= Elisabeth Hoemberg =

Canadian historian and writer

Elisabeth Kandal Montague Hoemberg (31 August 1909 – 1994) was a Canadian historian and writer. She married a German professor in 1938 and wrote about her experiences in Münster during the Second World War and the aftermath.

==Early life and education==
Born Elisabeth Sims in Toronto, daughter of an evangelical Canadian pastor. She studied English and history at the University of Toronto, earning her B.A. in 1931 and her M.A. in 1934. She studied abroad in Paris, Tours, Frankfurt am Main and Berlin through a Gertrud Davis Scholarship for study in Germany. During a study tour in Berlin in 1934/1935, she met her future husband, Albert Karl Hömberg.

==Academic career==
From 1935 to 1938, she was a lecturer in the Department of Historical Geography at the University of Toronto. On 3 September 1938, she married Albert Hoemberg in Toronto. German nationals were unwelcome in Canada at the outbreak of the Second World War after Hitler's annexation of Austria and the Sudetenland, so the couple moved to Germany in December 1938. Albert, an anti-Nazi professor, was drafted into the Luftwaffe in 1940, served as a map clerk in Paris and Germany, and became a prisoner of war of the Allies in 1945. Although under suspicion, the couple wrote their diaries and corresponded frankly about the progress for the war. These documents were hidden from the Nazis under the doghouse in the garden of their home in the Roxel village of Münster. The bulk of these sources survived and were eventually published. Hoemberg's academic career was interrupted by the birth of her three children (1939, 1941 and 1944). From April 1945 to April 1946, she was the chief interpreter of the British military government of the allied occupation in Münster. From 1946 to 1973 she was a lecturer at the English seminary at the University of Münster. Some years after her husband's early death in 1963, she returned to Canada, where she settled on Halfmoon Bay, British Columbia. She lived her last years on Vancouver Island and died in 1994.

==Significant work==
Hoemberg's most notable contribution was the publication in 1950 of a book of diaries and letters, "Thy People, My People", about her wartime experiences in Germany. The book was reviewed in England and the U.S., being published in both countries. The diaries and correspondence with her husband were practically the only firsthand records of the wartime experience and grass-roots resistance in Germany to be published in English, and the only one by a Canadian national. The diaries also covered the traumatic first year of postwar occupation and resettlement. In 1956, Dieter Pferdekamp, a student at the Roxel Volksschule, became aware of this book from London telling of the war in Roxel, and later used passages as a source for the teaching of students. Hoemberg had worked on a German translation but encountered considerable resistance from the University administration. The death of her husband and her poor health resulting from wartime hardships and injuries left her without the strength and resources to complete the translation. The book finally was translated by Renate Resing and appeared with notes by Mr. Pferdekamp in 2017, as "Dein Volk ist Mein Volk", published by Aschendorff Verlag.
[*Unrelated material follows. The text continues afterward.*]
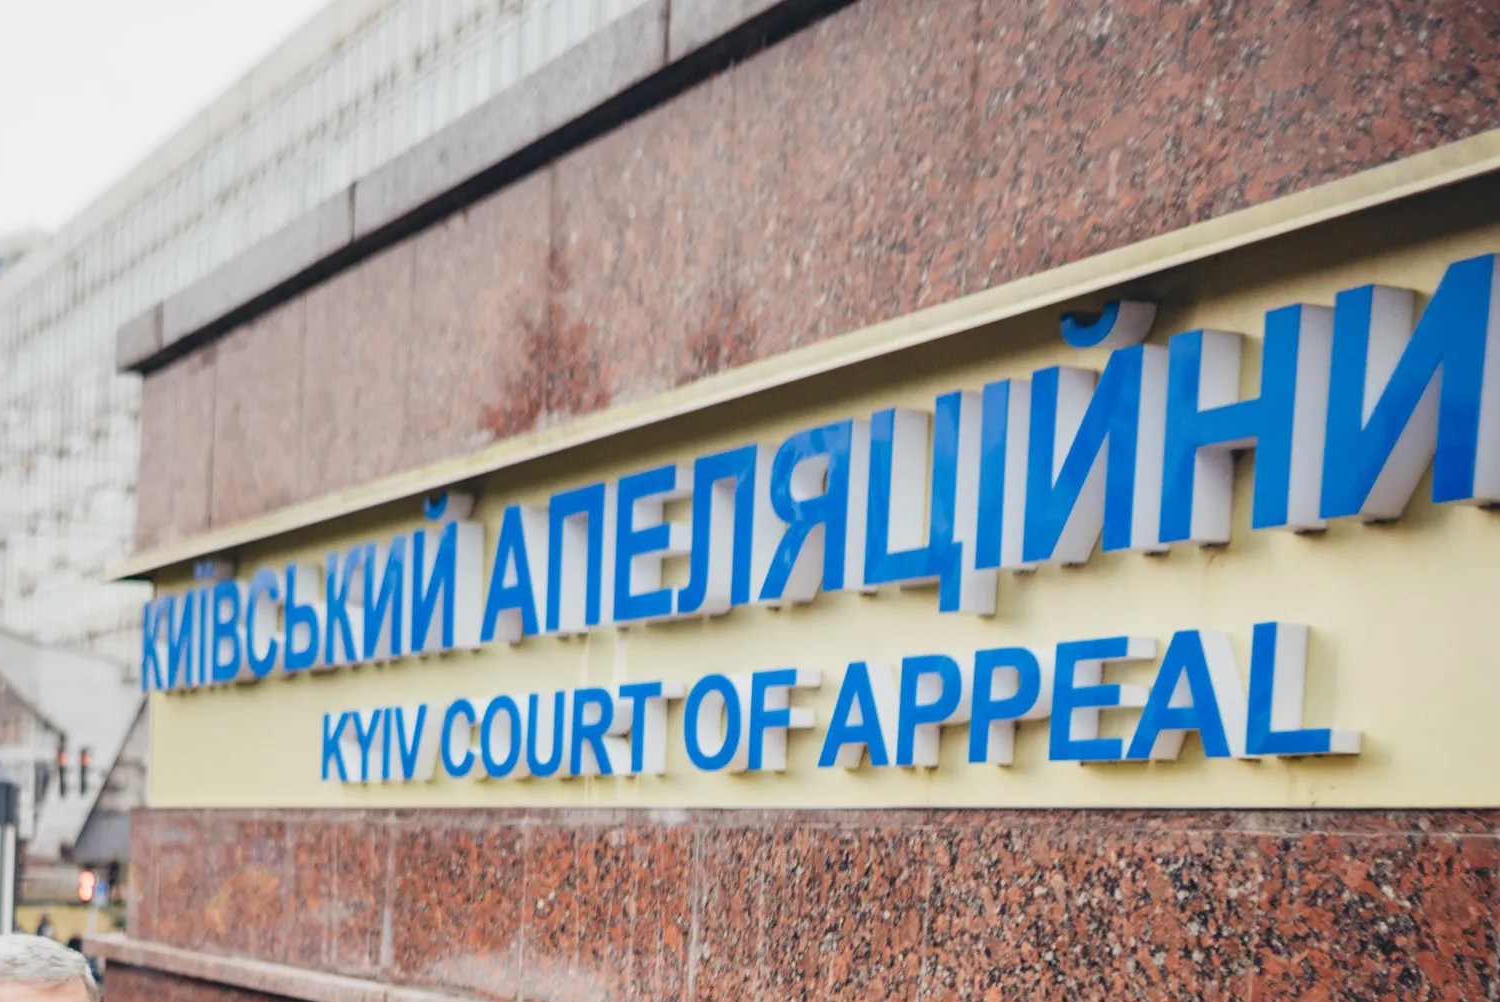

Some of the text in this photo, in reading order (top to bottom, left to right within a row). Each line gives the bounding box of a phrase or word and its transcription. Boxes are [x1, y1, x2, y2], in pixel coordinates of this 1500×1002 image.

In her memoirs, Hoemberg portrays dramatic situations such as the crash of a badly injured English pilot and his rescue from a summary execution. In Münster she was constantly under attack by allied bombers throughout the war as well as being under suspicion as an Englishwoman, and endured the ever-present food shortages. Hoemberg, together with a neighbor "Frau Ritter," organized "a small Roxel resistance". She popularized three sermons of Clemens August Graf von Galen against the confiscation of Church goods, the extermination of clericals, and the euthanasia practices of the National Socialists, "words flung from the pulpit of Saint Lamberti which I had stayed up all one night to copy from a furtively borrowed MSS". These were airdropped by the Allies, and distributed in July and August 1941 in Roxel's St. Pantaleon church as well as in Münster's St. Lamberti and Überwasserkirche. A highlight of her work after the war was serving as Cardinal von Galen's interpreter in meetings with the Military Government, and being told by him "Do not hesitate to translate my words literally, it is I who accept the responsibility for them, not you."

The memoirs end with Albert's release from imprisonment and return to their home in Roxel, which had survived the intensive bombing of Münster itself. She translated into English his diaries written on toilet paper during a year in prisoner of war camps, most of which have yet to be published.